Cuyahoga Land Bank

The Cuyahoga County Land Reutilization Corporation, commonly known as the Cuyahoga Land Bank, is a quasi-governmental non-profit corporation established in Ohio in 2009. It was established to respond to the effects of the United States housing bubble in Cleveland and surrounding Cuyahoga County, where the housing bubble had a particularly strong impact.[1]

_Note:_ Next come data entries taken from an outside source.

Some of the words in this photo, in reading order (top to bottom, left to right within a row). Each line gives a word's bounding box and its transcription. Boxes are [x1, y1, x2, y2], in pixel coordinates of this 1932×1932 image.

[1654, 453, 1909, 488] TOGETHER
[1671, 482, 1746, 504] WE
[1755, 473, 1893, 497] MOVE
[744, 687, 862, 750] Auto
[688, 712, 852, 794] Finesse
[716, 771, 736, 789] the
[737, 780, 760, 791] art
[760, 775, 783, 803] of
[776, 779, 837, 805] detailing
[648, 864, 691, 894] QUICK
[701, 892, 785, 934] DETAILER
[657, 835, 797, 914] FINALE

As a land bank, the Cuyahoga Land Bank acquires financially distressed properties, including those which have been foreclosed due to unpaid tax liens or mortgages, rehabilitates or (in most cases) demolishes the structures on the property, and then either sells the properties, or holds them off the market, with the goal of reducing the glut of undervalued properties (and stabilizing surrounding property values) until economic conditions improve.[2][3][4] The program was modeled after a similar one in Genesee County, Michigan.[5]

The land bank has acquired thousands of properties from various sellers. In December 2011 the land bank's president, Gus Frangos, said they were receiving about 120 donated properties per month, up from 80 per month the previous year.[6] By December 2012 it had bought more than 800 houses from the United States Department of Housing and Urban Development (HUD) for as little as $100 apiece, before HUD announced that it could no longer afford to do this and would start selling the properties on the open market.[7] HUD reversed that decision in February 2013 after intervention from Ohio's U.S. senator Sherrod Brown.[8] Among the houses bought by the Cuyahoga Land Bank is the home of Ariel Castro; as part of his plea deal in court, he was forced to pay $22,000 to the Land Bank, which would acquire the property and tear down the house.[9] The house will be demolished the week of August 8; the cost of the demolition was donated.[10]